Cyberpunk 2077 é um espetáculo em todos os sentidos. O game não é revolucionário, mas não precisa ser: ele pega tudo o que há de melhor nos gêneros da atualidade e os refina quase à perfeição. Imersão e liberdade são palavras-chave que contemplam a experiência que você terá ao mergulhar de cabeça em Night City e percorrer becos e ruas da cidade.

Certamente, esse é o nível mais avançado e complexo que a tecnologia permite simular em um RPG de mesa com ação e interação com características realistas.
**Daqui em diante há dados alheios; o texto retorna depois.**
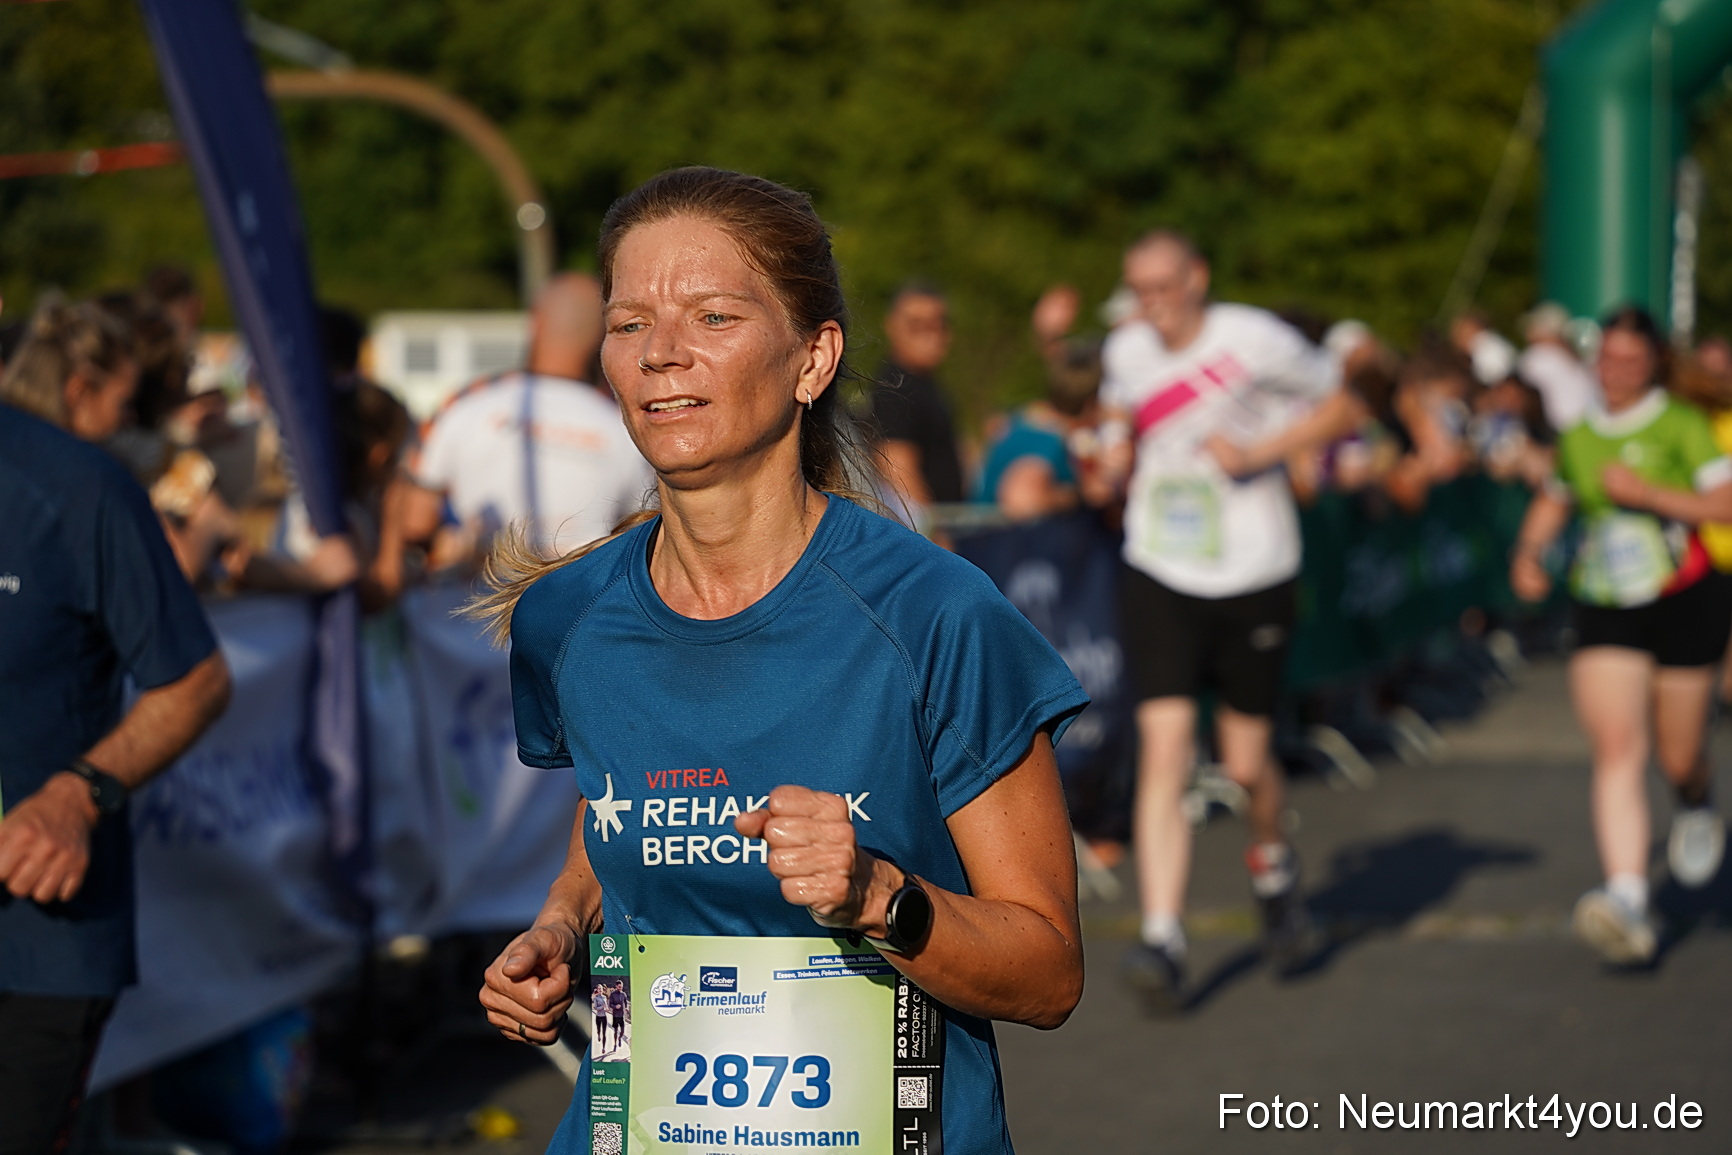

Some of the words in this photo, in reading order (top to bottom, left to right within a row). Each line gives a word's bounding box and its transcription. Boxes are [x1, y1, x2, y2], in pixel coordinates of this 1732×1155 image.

Agradando fãs do estilo e jogadores mais casuais, avançar pela história por 14 horas seguidas faz parecer horas virarem minutos, pois você não vê o tempo passar quando está tão engajado. E esse é o resultado de uma qualidade altíssima.
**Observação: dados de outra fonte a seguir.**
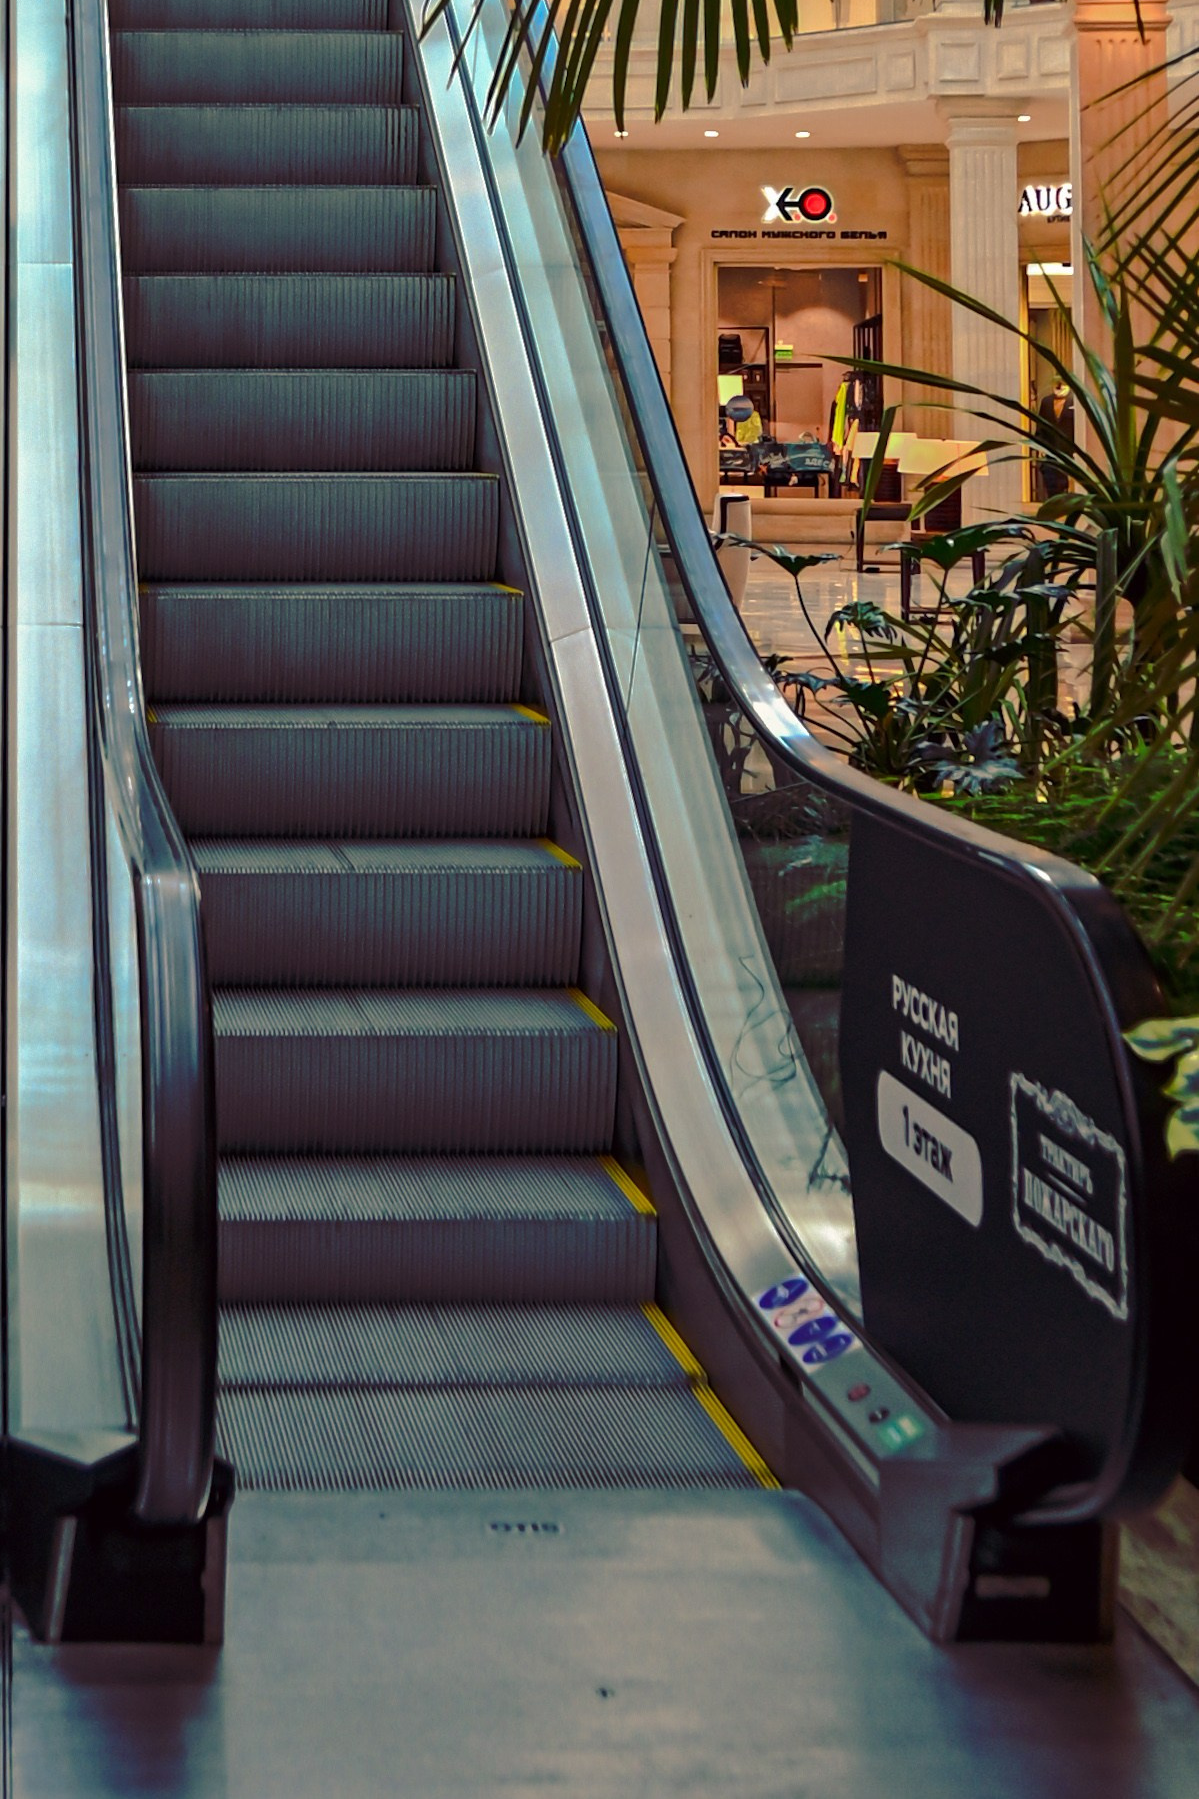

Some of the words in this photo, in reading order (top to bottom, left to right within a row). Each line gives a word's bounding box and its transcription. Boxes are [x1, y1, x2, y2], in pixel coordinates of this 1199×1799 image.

[711, 230, 757, 239] САЛОН
[762, 230, 836, 239] МУЖСКОГО
[841, 230, 887, 239] БЕЛЬЯ
[892, 974, 959, 1051] РУССКАЯ
[901, 1030, 951, 1099] КУХНЯ
[902, 1105, 910, 1148] 1
[913, 1122, 953, 1183] этаж
Se você esperava um RPG gigantesco capaz de prender por dezenas de horas e incentivar a recomeçar tudo para aproveitar o fator replay gigantesco, bem-vindo a Night City.

Pontos positivos

  • Sistema extremamente denso e recheado de camadas em um RPG ambicioso.
  • Liberdade e imersão fazem parte do game do começo ao fim.
  • Diversas linhas narrativas para cada missão.
  • Fator replay altíssimo, já que diversas missões podem acabar de modo diferente e oferecer impactos distintos no longo prazo.
  • Múltiplas abordagens em cada quest, oferecendo recompensas para quem aproveita melhor a construção de personagem.
  • Combate excelente de longa distância, incluindo cobertura em 1ª pessoa e diversos tipos de armas.
  • Nível de customização absurdo, indo das coisas mais superficiais às mais profundas.
  • História que toca temas interessantes.
  • Mundo aberto muito vivo para os padrões de um RPG.
  • Boa dirigibilidade dos veículos.
  • Diversas formas de zerar o jogo.
  • Dublagem e sincronia labial impecáveis.
  • Um dos melhores visuais da geração e a implementação de Ray Tracing mais ambiciosa até o momento.

Pontos negativos

  • Muitos bugs e crashes.
  • Personalização de aparência não anda em conjunto com a funcionalidade das armaduras.
  • Combate corpo a corpo com muitos elementos bagunçados.

Cyberpunk 2077 não revoluciona, mas aprimora tudo o que já vimos e traz uma experiência com mais de uma centena de horas e muita imersão

Nota: 100

Cyberpunk 2077 foi gentilmente cedido pela CD Projekt Red para a realização desta análise.